== YOUR GOAL ==
From the first line to the last, reproduce the records below exactly, omitting any picture.

[Image-backed grounding data]
<<<<

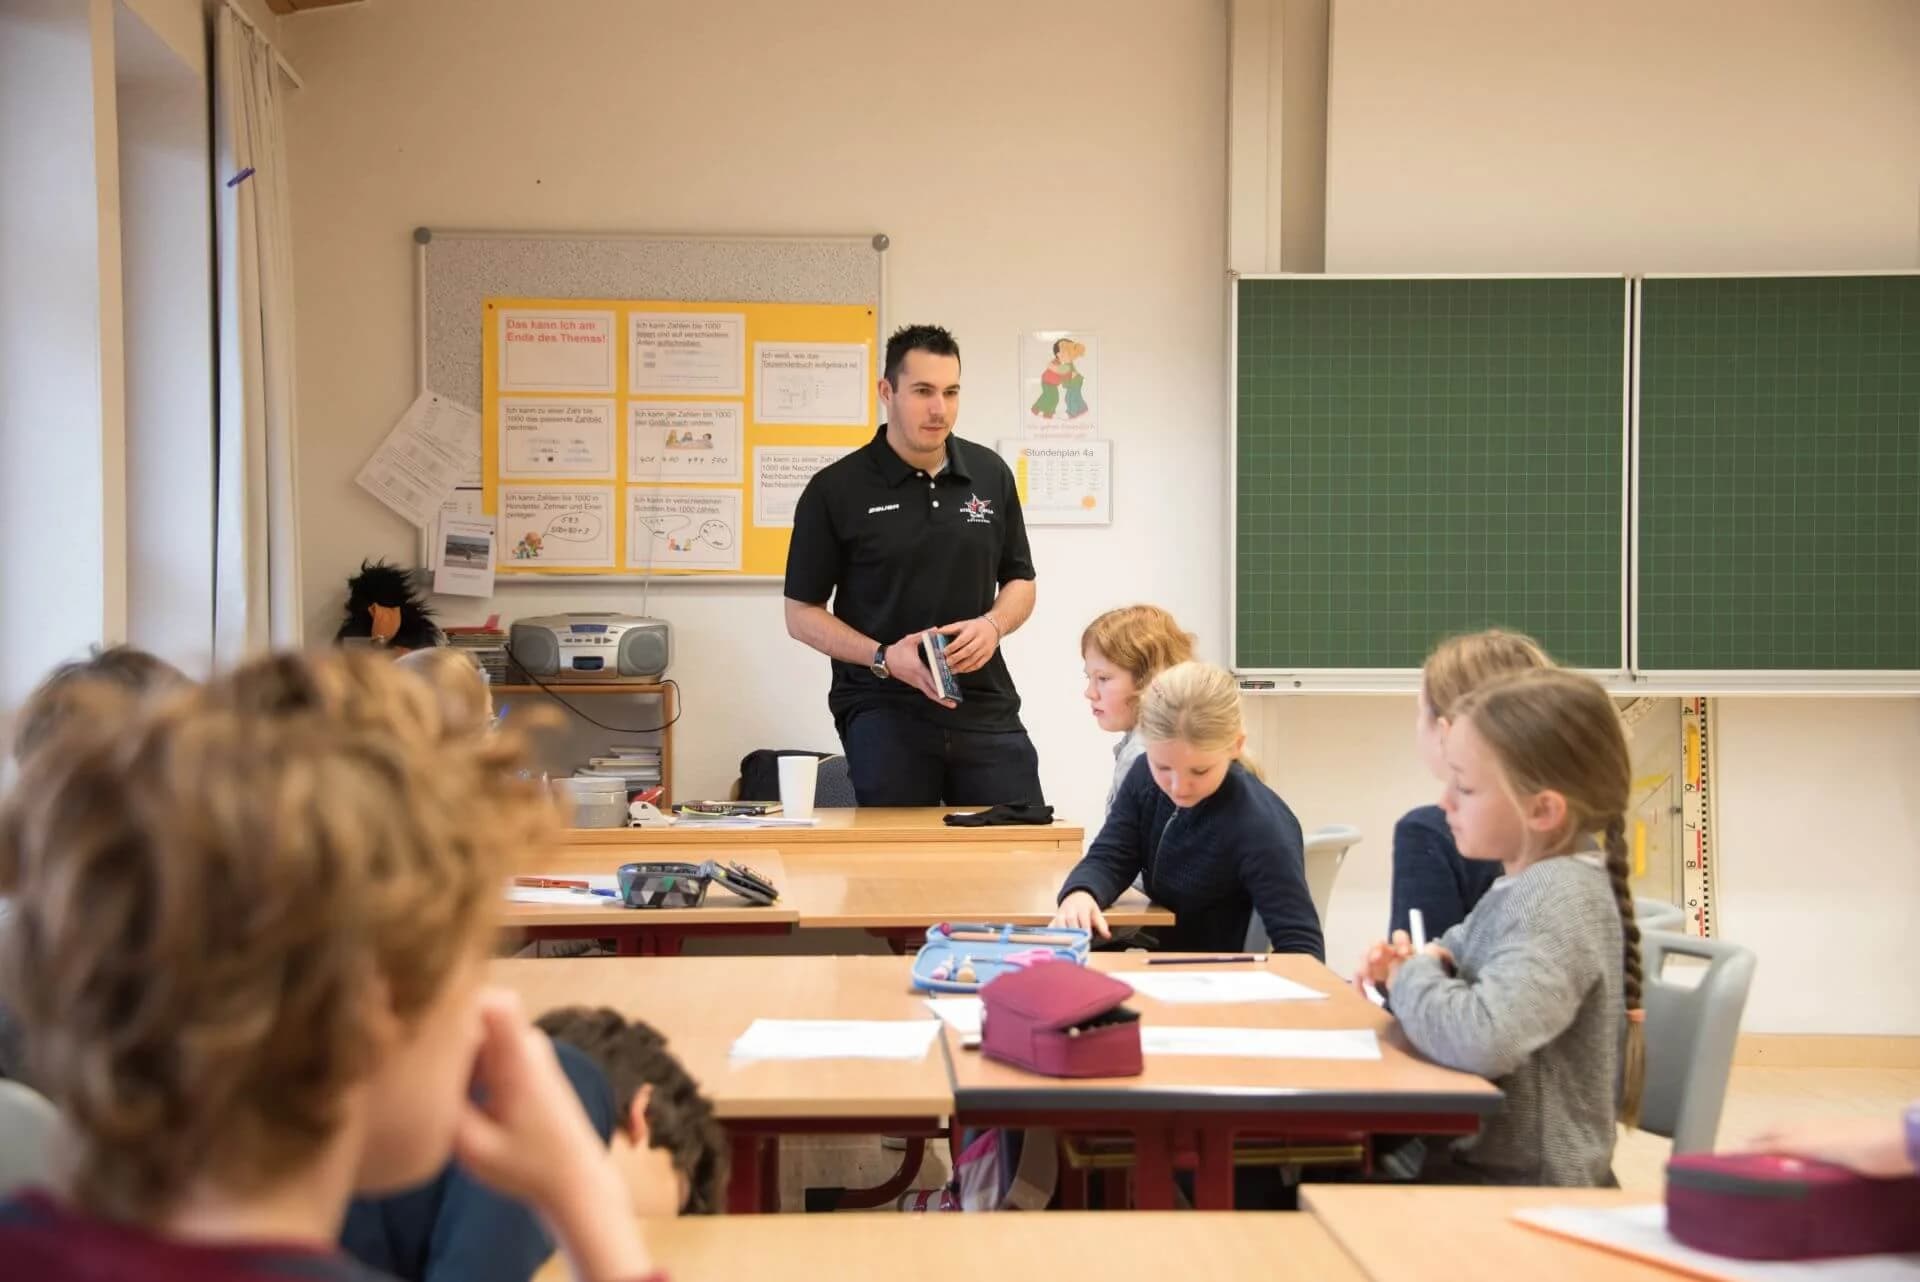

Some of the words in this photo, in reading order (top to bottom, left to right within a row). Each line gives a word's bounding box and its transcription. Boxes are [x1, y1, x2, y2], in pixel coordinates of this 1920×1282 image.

[507, 320, 528, 329] Das
[531, 320, 557, 329] kann
[636, 320, 647, 328] Ich
[649, 320, 666, 329] kann
[668, 320, 690, 329] Zahlen
[692, 320, 702, 329] bis
[705, 320, 721, 329] 1000
[507, 332, 535, 342] Ende
[538, 333, 557, 342] des
[561, 334, 606, 343] Themas!
[1026, 448, 1081, 458] Stundenplan
[1082, 448, 1094, 458] 4a
[1684, 706, 1694, 715] 4
[1684, 783, 1696, 792] 6
[1686, 822, 1696, 830] 7
[1686, 860, 1696, 868] 8
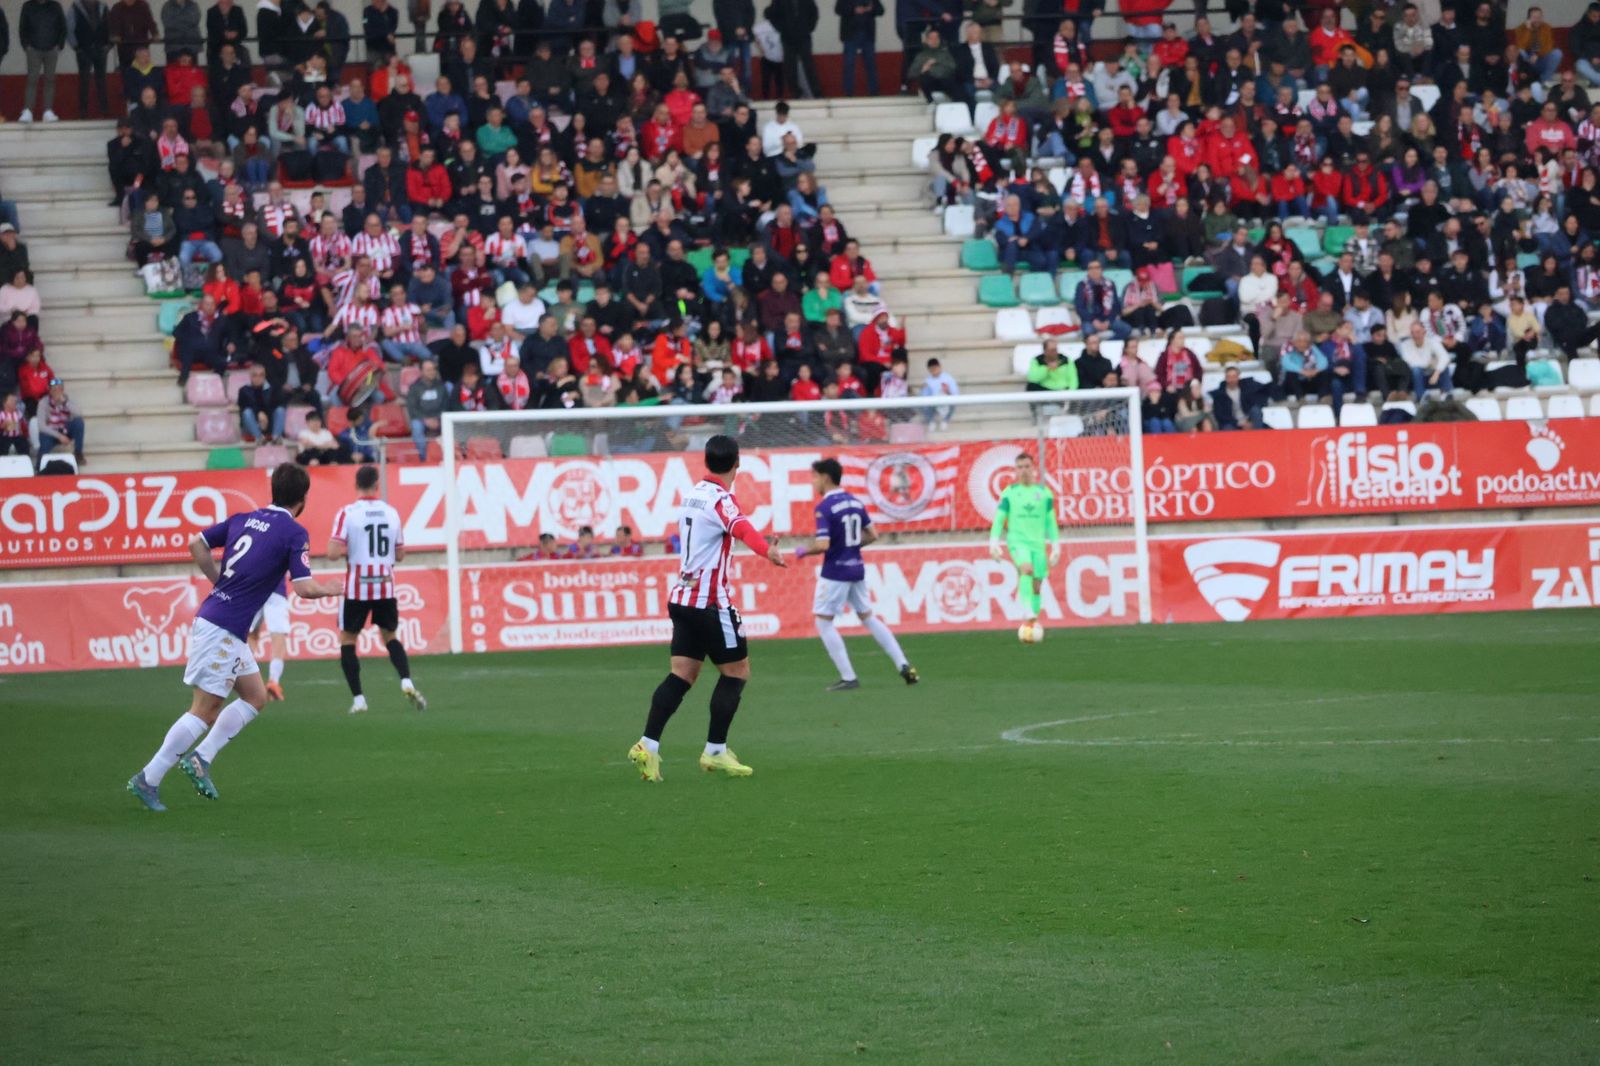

>>>>

== RESPONSE AREA ==
Some of the words in this photo, in reading order (top to bottom, left to right within a row). Each line gives a word's bounding box and its transcription. Boxes are [x1, y1, x2, y2], in pixel coordinates of this 1920×1282 image.

[507, 320, 528, 329] Das
[531, 320, 557, 329] kann
[636, 320, 647, 328] Ich
[649, 320, 666, 329] kann
[668, 320, 690, 329] Zahlen
[692, 320, 702, 329] bis
[705, 320, 721, 329] 1000
[507, 332, 535, 342] Ende
[538, 333, 557, 342] des
[561, 334, 606, 343] Themas!
[1026, 448, 1081, 458] Stundenplan
[1082, 448, 1094, 458] 4a
[1684, 706, 1694, 715] 4
[1684, 783, 1696, 792] 6
[1686, 822, 1696, 830] 7
[1686, 860, 1696, 868] 8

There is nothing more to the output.